Da che parte iniziare a raccontare la storia di un’auto
come la Mini? E in quale chiave interpretarla? Industriale, tecnica,
stilistica, sociale, di costume… Esiste un’altra vettura che, come la originale
Morris Mini Minor, o Austin Seven, coniughi in sé una quantità così elevata di
valori e significati di portata praticamente universale? Forse no. O almeno,
dopo averci a lungo pensato, non si trovano alternative.
E allora proseguiamo con domande più semplici. Perché
parlare della Mini? La piccola vettura inglese è stata
presentata ufficialmente il 26 agosto 1959. Da quel
giorno non ha smesso di esistere: la sua produzione, infatti, è
proseguita ininterrottamente fino al 2000 mantenendo intatte le sue principali
caratteristiche. In seguito, neanche un anno dopo, la Mini è rinata con il
modello attualmente in produzione. Molto diversa dalla prima ma, come dicono
alla BMW (il Gruppo proprietario del marchio Mini) il concetto segue il motto
“dall’originale all’originale”. Il filo rosso non si è spezzato.
Le infinite versioni prodotte in 50 anni di onorata
carriera le lasciamo descrivere agli altrettanti libri in commercio che
riescono a svelare tutti quei dettagli che in poche pagine La Manovella non
potrebbe condensare esaurientemente. Ma ci sono tanti altri fatti storici che
sono altrettanto interessanti da sottolineare, tante piccole spigolature e
coincidenze che si possono focalizzare solo “col senno di poi”.
La genesi
Tanto spazio interno e minime dimensioni esterne;
ospitalità per quattro persone; impeccabili doti di guida, consumi ridotti e,
dulcis in fundo, prezzo di acquisto molto basso. Queste le precise indicazioni
che la British Motor Corporation (nata nel 1952 a Longbridge dalla fusione di
Morris Motors e Austin Motor) indirizza al tecnico Alec Issigonis per costruire
una nuova vettura. Leonard Lord, all’epoca capo della BMC, dà carta bianca ad
“Arrogonis” (così viene soprannominato in azienda il genio Issigonis, ma non
certo per sminuire le sue capacità professionali) con due “personali”

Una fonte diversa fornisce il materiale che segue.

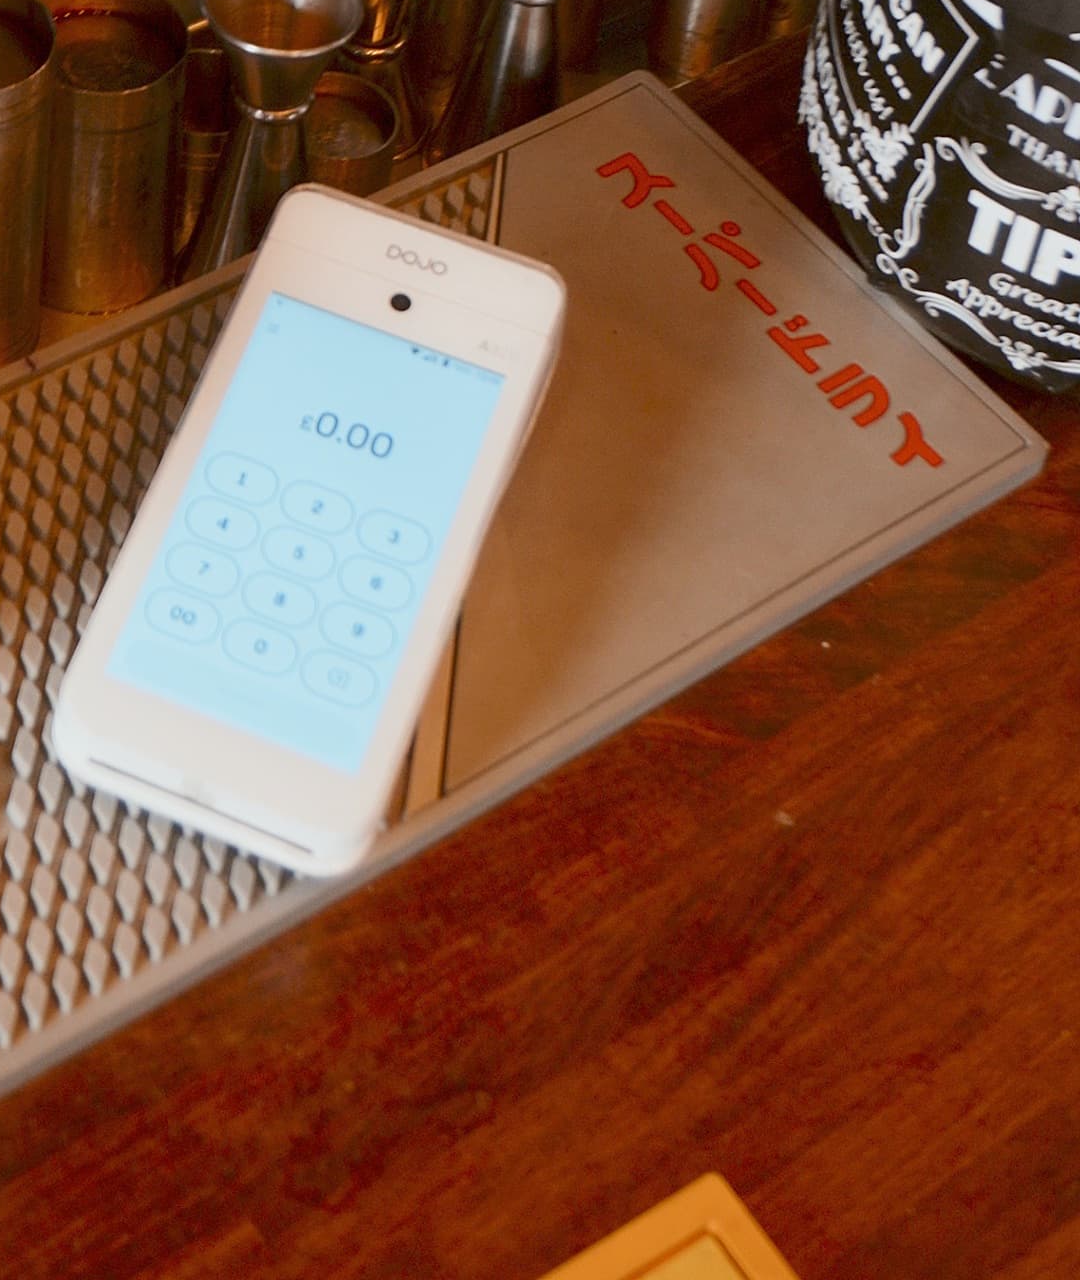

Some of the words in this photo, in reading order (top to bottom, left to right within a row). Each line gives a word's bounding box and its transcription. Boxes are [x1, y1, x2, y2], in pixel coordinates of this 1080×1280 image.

indicazioni: annientare le odiose “bubble car” e utilizzare un motore BMC già
in produzione.
Deve essere un progetto assolutamente segreto, quello
nato sul finire del 1956 per contrastare la crisi del Canale di Suez che ha
fatto impennare il prezzo del petrolio. Il suo nome ufficiale è ADO15 (da
Austin Drawing Office, progetto 15) ma presto viene ribattezzato Sputnik: la
Russia ha appena lanciato il suo Sputnik nello spazio, la BMC ha risposto con
la sua vettura che nella notte si aggira per i primi test drive sull’aeroporto
di Chalgrove.
Il primo prototipo viene completato all’inizio del 1958
e, agli occhi dei pochi fortunati che possono vederlo, appare come una piccola,
strana automobile con le ruote grandi come dei bottoni. Ma Issigonis fa salire
Lord per portarlo a fare un veloce giro all’interno della fabbrica e, una volta
sceso dalla vettura, il capo dice al tecnico: “Alec, la voglio pronta entro un
anno”.
Il progetto di Issigonis parte dal concetto della “tutto
avanti” per sfruttare al massimo lo spazio interno dell’auto. Motore e trazione
anteriori, ma con il propulsore montato in posizione trasversale per non
“invadere” l’abitacolo. Un concetto che oggi è quasi la norma, ma all’epoca non
era ancora così radicato e apprezzato. Alcune misure, poi, aiutano a capire
quanto fosse importante per Issigonis l’idea dello spazio interno. Le ruote
sono incredibilmente piccole (da 10 pollici, con le gomme costruite
appositamente dalla Dunlop) e posizionate quasi agli angoli estremi della
vettura. Questa è lunga 3,05 metri, ma ha un passo di ben 2,03 metri. È alta
1,41 e larga 1,35 metri. Il risultato è che l’80% dello spazio occupato dalla
vettura (inteso come la sua “impronta” sulla strada) è a disposizione dei
passeggeri e del loro bagaglio. Anche l’ampia superficie vetrata offre una
piacevole sensazione di dimensioni generose.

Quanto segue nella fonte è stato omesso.